Encephalitis requires immediate emergency care so that diagnosis and treatment can begin as soon as possible.
Your chance of survival increases if you are given early drug and/or supportive treatment. If your doctor suspects that you have herpes encephalitis, but has yet to confirm those suspicions, you may nevertheless be started on antiviral medicines while diagnostic tests are being done.
Your doctor is the best source of information on the drug treatment choices available to you.
If you will be traveling to an area where encephalitis is more common, consult your clinician to discuss specific precautions.
You may be advised to get a vaccination for Japanese encephalitis if you are traveling to Asia in the summer. However, this vaccination carries a small risk of allergic reaction. Immunizations against tick-borne encephalitis (common in rural areas in Europe and Russia) are available, but can cause Guillain-Barré syndrome, a serious neurological disorder.
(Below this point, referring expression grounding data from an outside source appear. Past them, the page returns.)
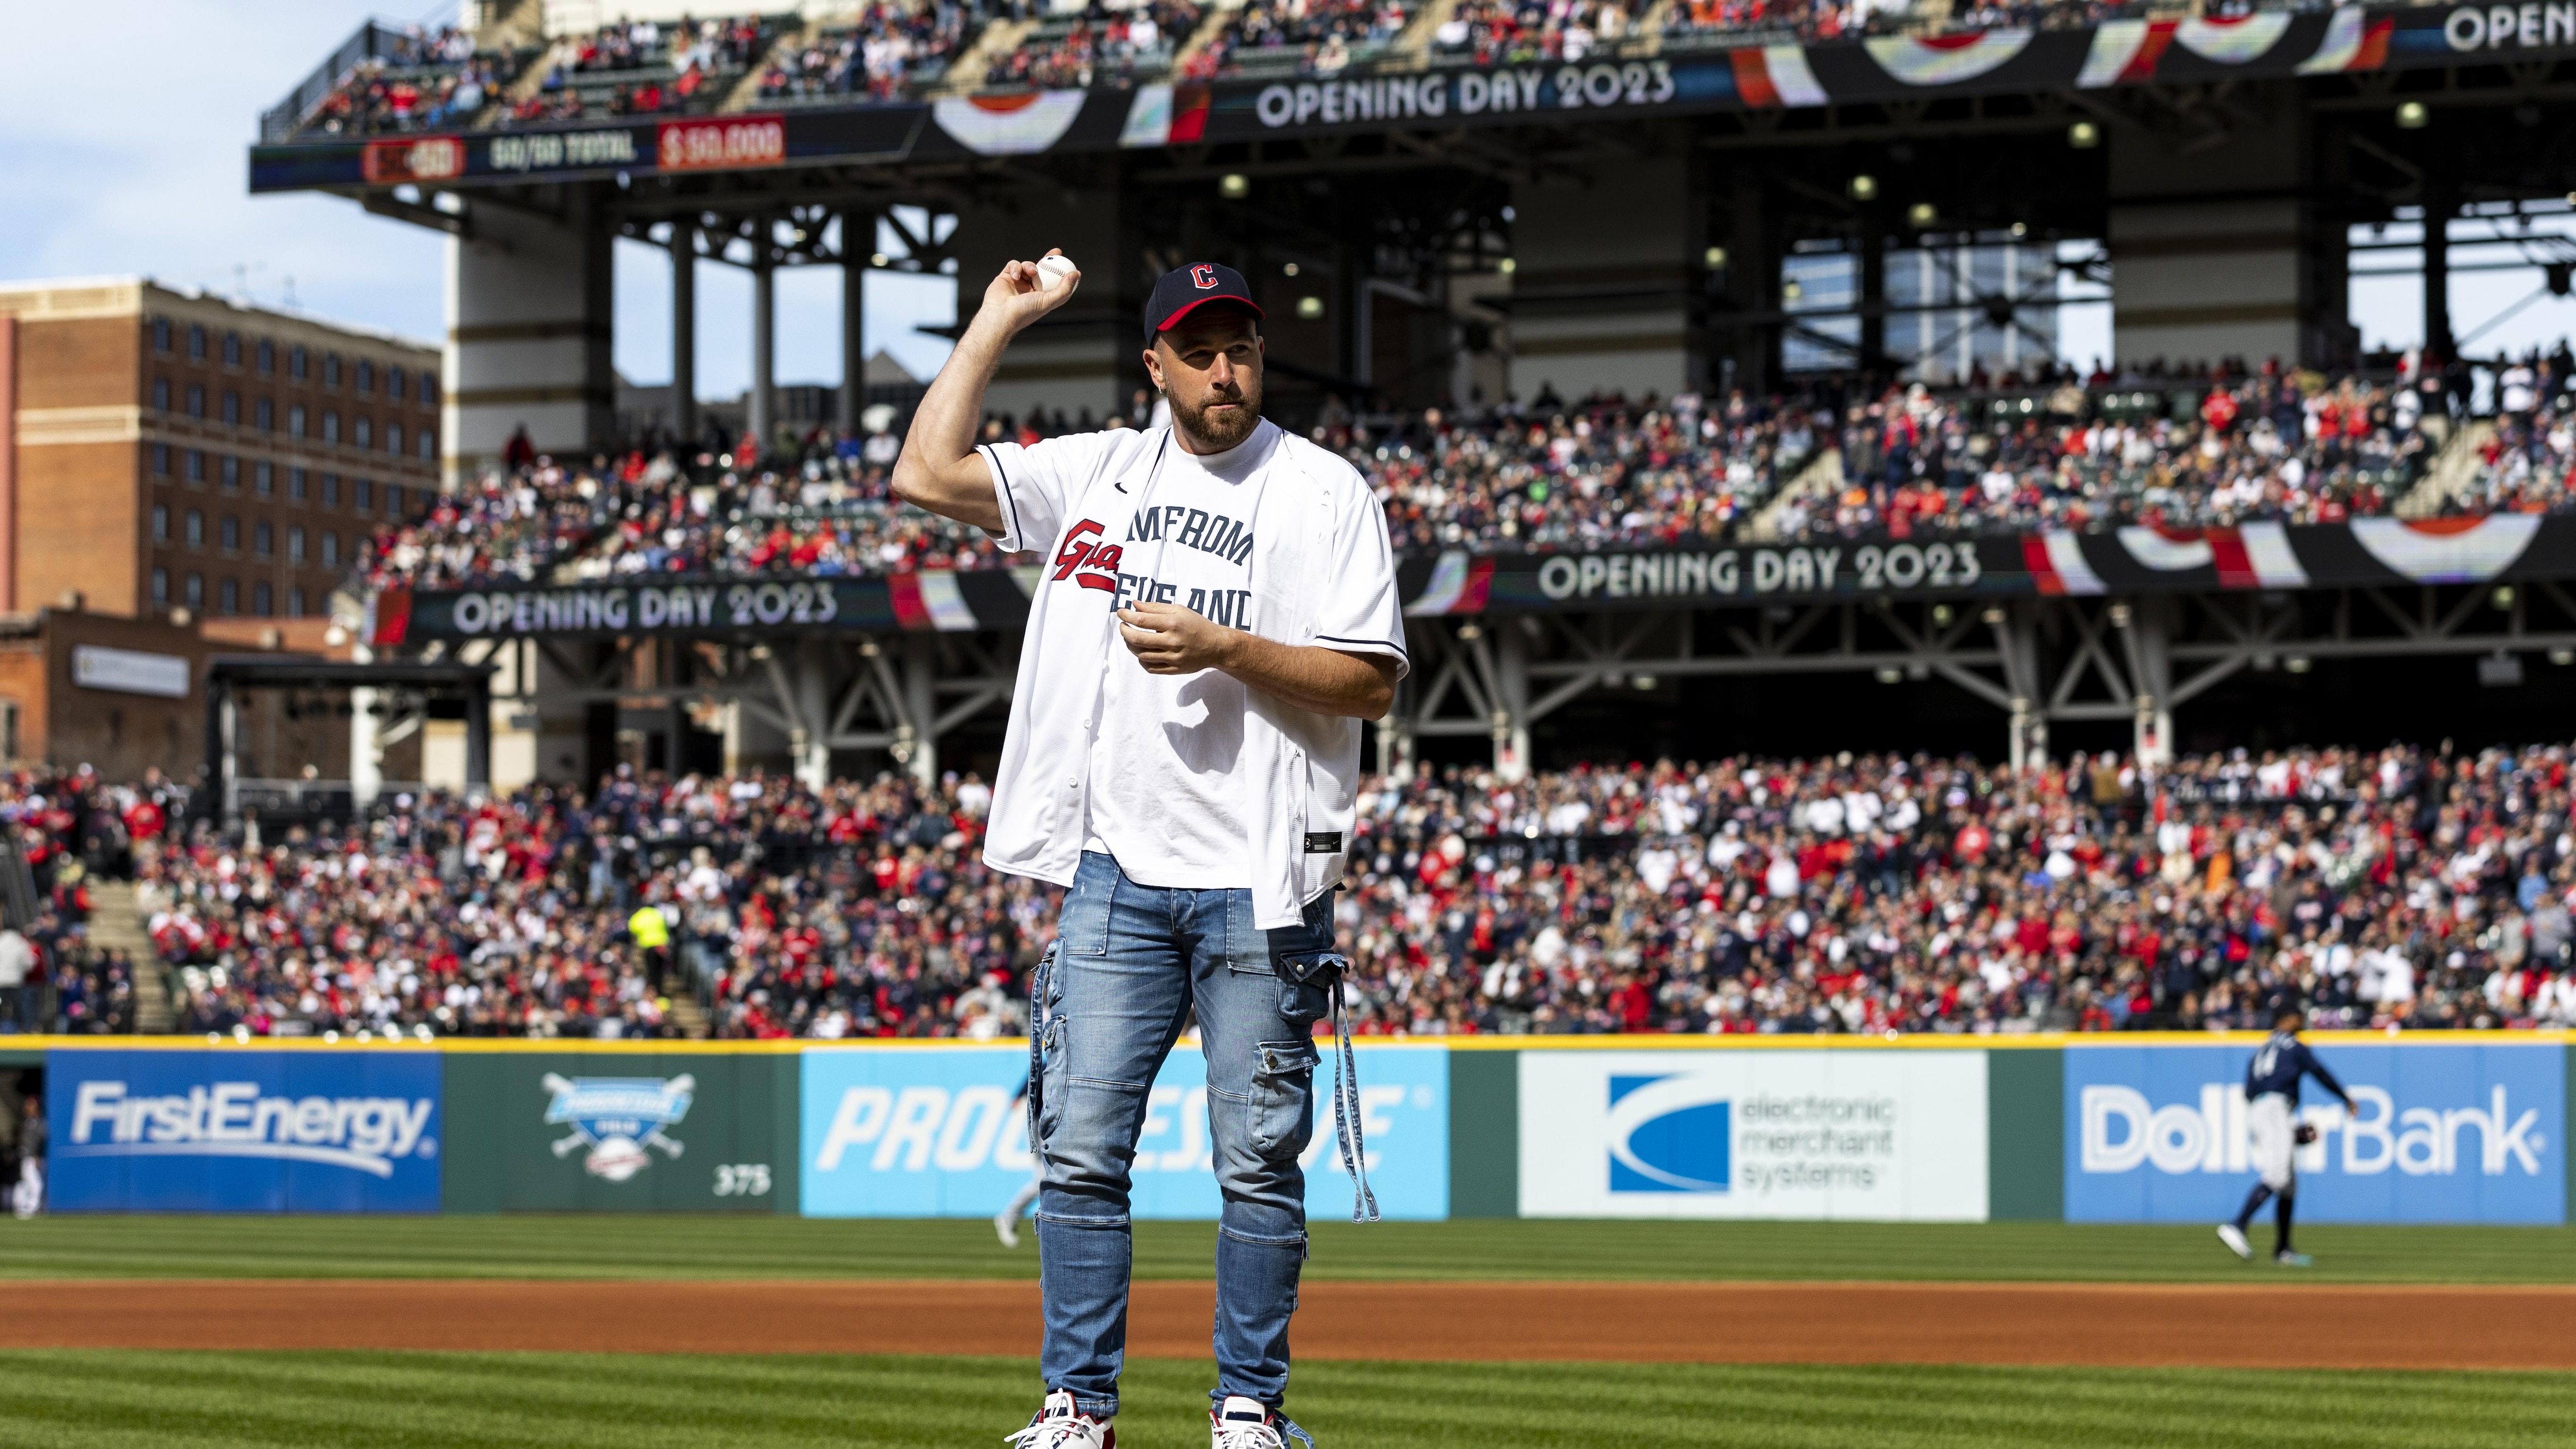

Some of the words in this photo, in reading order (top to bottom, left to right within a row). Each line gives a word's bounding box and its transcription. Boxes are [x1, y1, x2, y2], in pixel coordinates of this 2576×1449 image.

[1257, 75, 1446, 127] OPENING
[1459, 69, 1544, 114] DAY
[1555, 61, 1676, 108] 2023
[1190, 264, 1218, 289] C
[1539, 549, 1739, 600] OPENING
[1754, 546, 1842, 592] DAY
[1857, 542, 1981, 589] 2023
[452, 587, 630, 634] OPENING
[639, 586, 718, 627] DAY
[727, 581, 838, 625] 2023
[1741, 1096, 1896, 1125] electronic
[1741, 1126, 1893, 1156] merchant
[1741, 1161, 1877, 1195] systems
Ask your clinician about the risks versus the benefits of these and any other vaccinations you may need before travelling outside of the U.S.
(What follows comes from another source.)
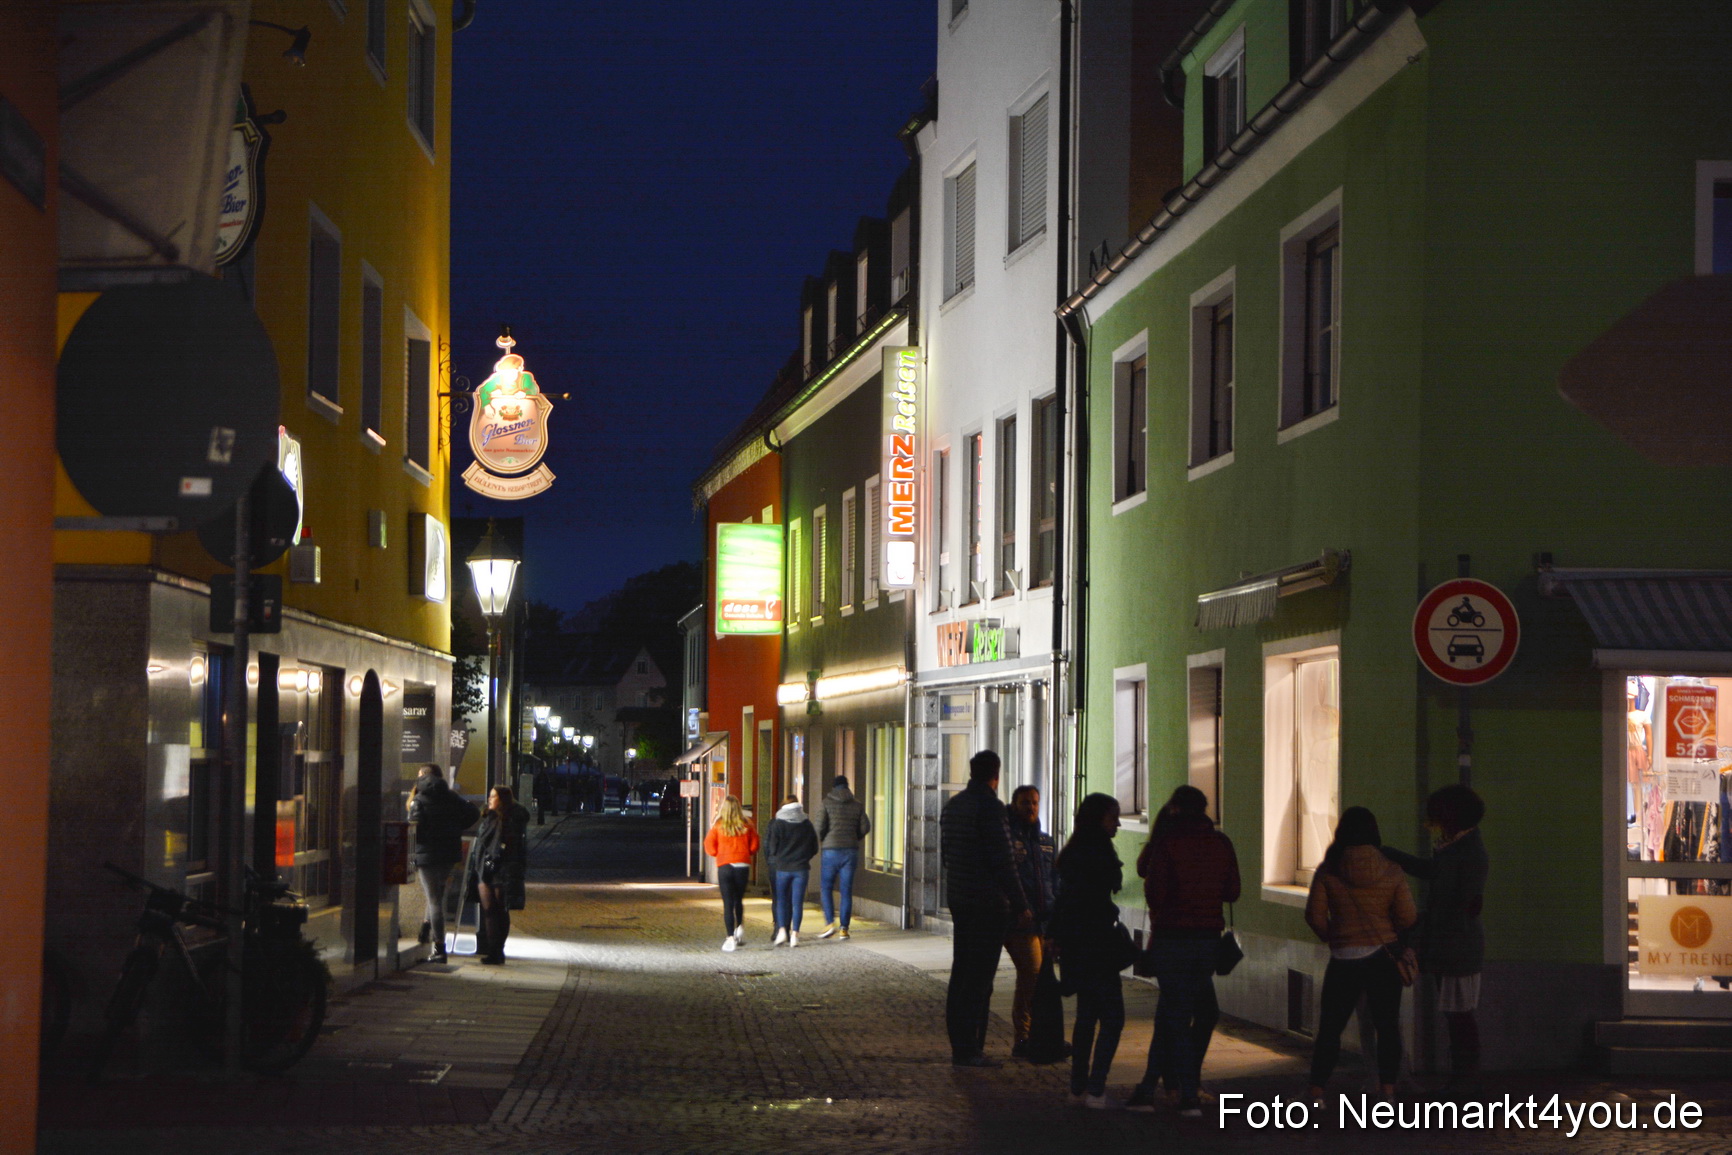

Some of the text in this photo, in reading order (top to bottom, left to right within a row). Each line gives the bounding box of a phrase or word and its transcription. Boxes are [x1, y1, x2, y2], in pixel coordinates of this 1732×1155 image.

Because people who develop serious illness with encephalitis are immobile (confined to bedrest), they have an increased risk of pneumonia, bedsores, blood clots, and infections from catheters.
Having encephalitis can weaken your immune system, making you more vulnerable to other infections such as pneumonia. Your clinician will take preventive measures, and monitor you for signs of other (secondary) infections.
Acute episodes of viral encephalitis last about one to three weeks, with fever and symptoms that gradually or suddenly subside. However, it may take months for you to fully recover. The ease of your recovery, as well as whether or not you sustain permanent damage, depends on the type of virus you have, and how soon you obtain medical treatment.
While less than 1% of patients with California encephalitis die, 50% to 75% of eastern equine encephalitis cases are fatal. Close to 80% of those with eastern equine encephalitis who survive have permanent impairments. Three percent to 15% of patients who become ill with West Nile virus die. Most of these deaths occur in patients age 50 or older.
With the exceptions of West Nile and St. Louis infections, encephalitis responds more rapidly to treatment in adults than in children. Children take longer to recover, and infants are at higher risk to develop permanent impairments. As with many illnesses, the elderly are also at greater risk of serious consequences related to an encephalitis infection.
Herpes simplex encephalitis can cause death or serious permanent brain damage.
If left untreated, 70% of patients with herpes simplex encephalitis will die. About three-quarters of the patients receiving antiviral medication for the disease survive, and half of those sustain permanent brain damage. Early treatment improves these odds.
While encephalitis is an acute disease, you may need long-term medical and rehabilitational care if you experience lasting problems.